Flyer for what turned into a stabby brunch.
On Sunday, Nov. 1, Bastille Kitchen, 49 Melcher St., was nearing the end of just its third Sunday brunch after being closed most of the summer when a fight broke out that ended with two men stabbed and a third sliced in the hand.
The restaurant has fired the event planner that promoted the brunches and the restaurant's new manager - whose first day was the day of the stabbing - is no longer sure he wants to work there permanently. Residents of the loft apartments above the restaurant in the converted textile factory, already at odds with the restaurant over noise and trash, have grown even more outraged.
As police continue to investigate the incident, A hearing on the incident at the Boston Licensing Board today ended with as many unanswered questions as answers about what happened around 6 p.m. that day - like why the fight started and even whether the men with knives were part of the same party or came together in a fighting ball from different tables.
"We never really thought something like that would have happened," new manager Riccardo Coluzzi said. "It's just unusual to have a stabbing during a daytime brunch," board Chairwoman Kathleen Joyce agreed.
Coluzzi, restaurant attorney William Ferullo and BPD detectives William Gallagher and Eddie Hernandez told the board that the restaurant's third straight Sunday brunch had been going well. Tables of up to six people, each table six feet apart, were having a good time dining on food from a menu - no more brunch buffets. A DJ played music when the live saxophonist wasn't playing. Based on reservations, about 100 people were expected throughout the 2-7 p.m. brunch service; about 40 were inside around 6 p.m.
Ferrullo said it was a welcome respite for the restaurant, which had shut in March due to Covid-19 and only re-opened in October, and then just for its new brunch series - promoted by a company called Bent Ballot Entertainment, which specializes in events aimed at young professionals and college students. For Coluzzi, who has worked as a manager at several Boston restaurants, it was his first day as Bastille's new manager.
But for residents of 49 Melcher, it was a return to the loud noise that they had enjoyed not hearing in the months since March.
Coluzzi said he was at the restaurant's front door, greeting patrons, when he heard a commotion at one table. He said other restaurant workers were already there trying to calm things down and that he tried as well.
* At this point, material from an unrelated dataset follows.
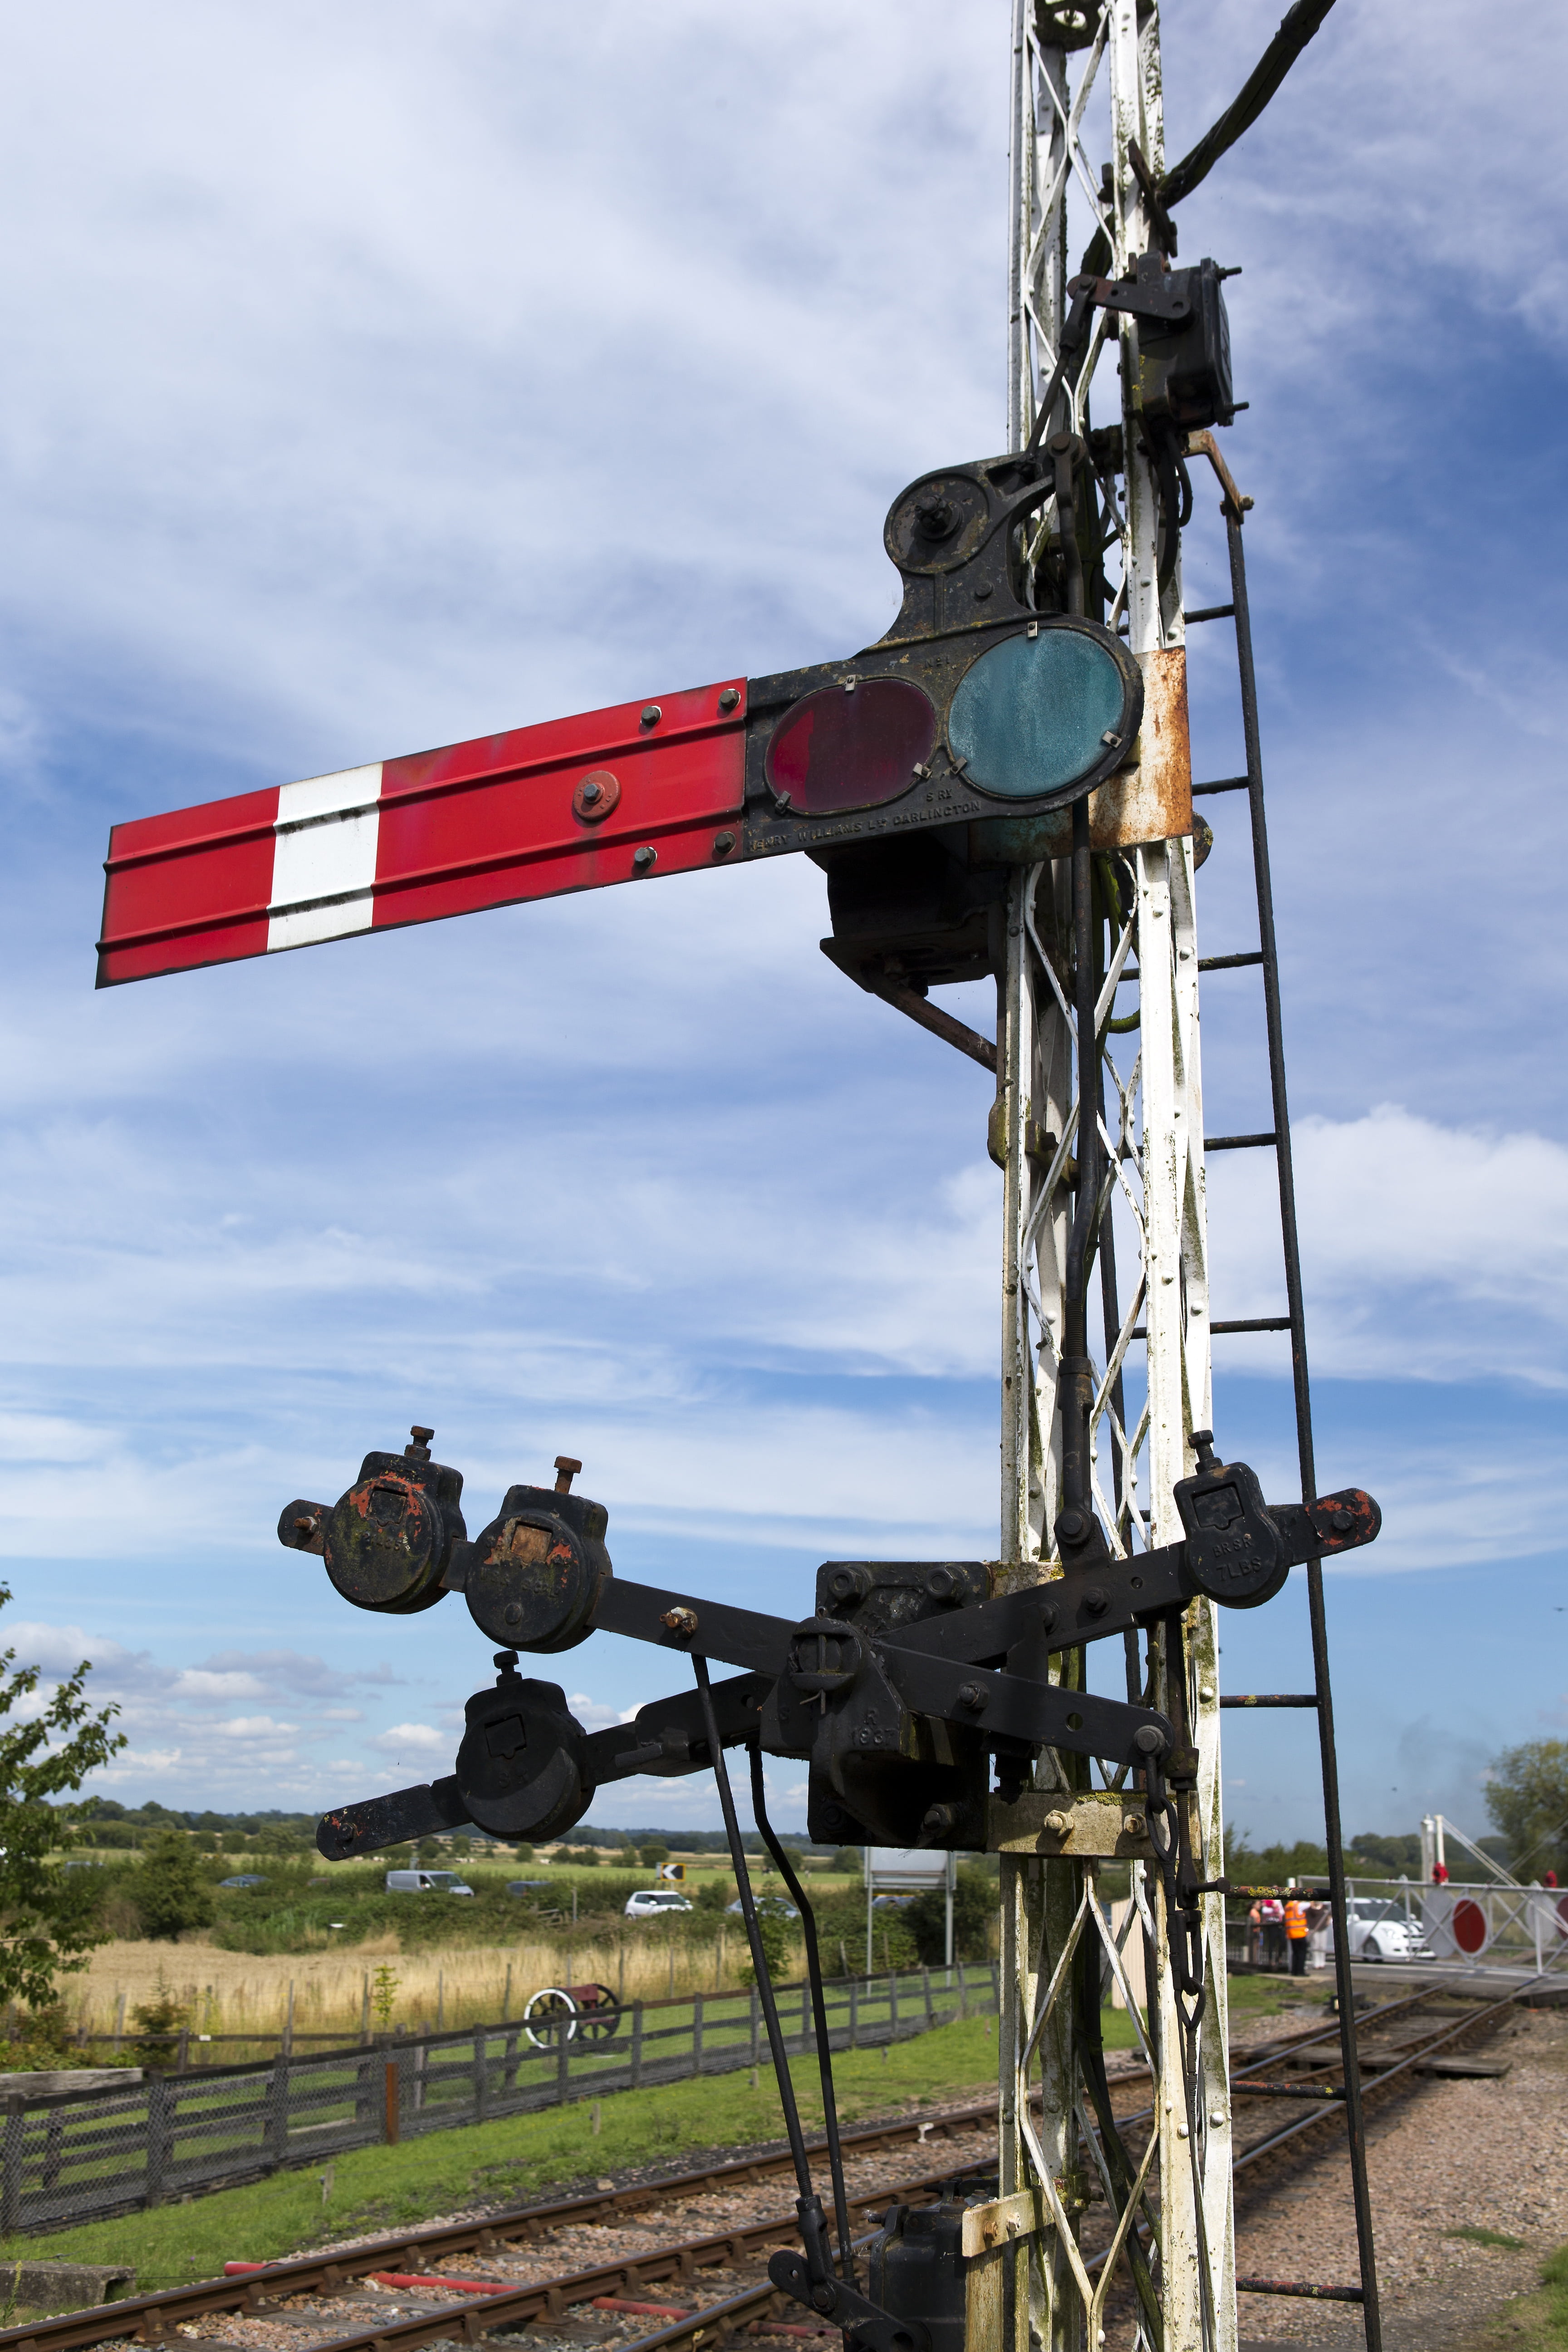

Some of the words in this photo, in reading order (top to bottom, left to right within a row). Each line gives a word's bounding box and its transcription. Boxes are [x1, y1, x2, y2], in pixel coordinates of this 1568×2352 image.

[748, 835, 788, 852] HENRY
[798, 822, 863, 842] WILLIAMS
[893, 800, 982, 825] DARLINGTON
When the hubbub continued, he said, he told the patrons that's it, he's going to his office to call police - which he then did, around 6:14 p.m., according to his cell records.
Meanwhile, Hayley Marsh, who lives on the second floor of 49 Melcher, was getting fed up as well, not by arguing, but by all the music flowing straight into her living space, again, after several months of peace and quiet.
Around the same time as Coluzzi, she also called 911, with a noise complaint. She acknowledged she felt a bit silly, since it wasn't an emergency, but she and other residents had been told by 311 to call 911. And she felt a bit miffed because "I was home all Halloween weekend because I was instructed by the city not to go out," and here were all these people downstairs congregating in a restaurant, many unmasked, listening to somebody blowing hard through a saxophone.
She told the board she didn't get any sense of urgency from the 911 call taker. But then she went downstairs and saw and heard "10 to 15 cops cars and ambulances coming down the street," and thought, oh, goodness, did they overreact to her noise call? She asked a cop at the scene what was going on; he told her to leave right away because "it was a dangerous crime scene at that point."
Hernandez said he arrived on scene not long after to find broken glass on the floor, tables shoved to the sides, broken furniture and drops of blood. And in the middle of it all, he saw restaurant workers on the floor, applying pressure to one man's fresh stab wounds to the stomach and hip. Another man had been stabbed in the back. Paramedics took the two to nearby hospitals, one to Tufts, the other to BMC.
Later, a third man walked into the Mass. General emergency room with a freshly sliced hand, Hernandez said.
Gallagher also arrived on scene. The restaurant has surveillance cameras, and he asked for copies of the video, but Coluzzi couldn't retrieve anything from them, because he didn't have the password. It turned out that didn't matter, though - Ferullo said the restaurant had installed a new recording system that, it turned out, was incompatible with several of the restaurant's cameras, so ithe system hadn't actually recorded anything from those cameras that day.
Coluzzi said that nothing at all appeared amiss up until the fight broke out. Both patrons and the seven other employees on duty that day seemed to be having a good time and nobody appeared to be intoxicated. But, again, he could not say what happened, and he said none of the employees he talked to had any idea, either.
"So essentially nobody saw anything?" board member Liam Curran asked. No, Coluzzi replied.
Ferullo said that because of the incident, Bastille Kitchen is shut again, and will stay shut until owners find somebody to present to the board as the official manager of record. They had hoped that would be Coluzzi, but now "Mr. Coluzzi is still contemplating that after his baptism of fire here," Ferullo said.
The board meets Thursday to decide whether the restaurant could have prevented the stabbings and, if so, whether any punishment is warranted.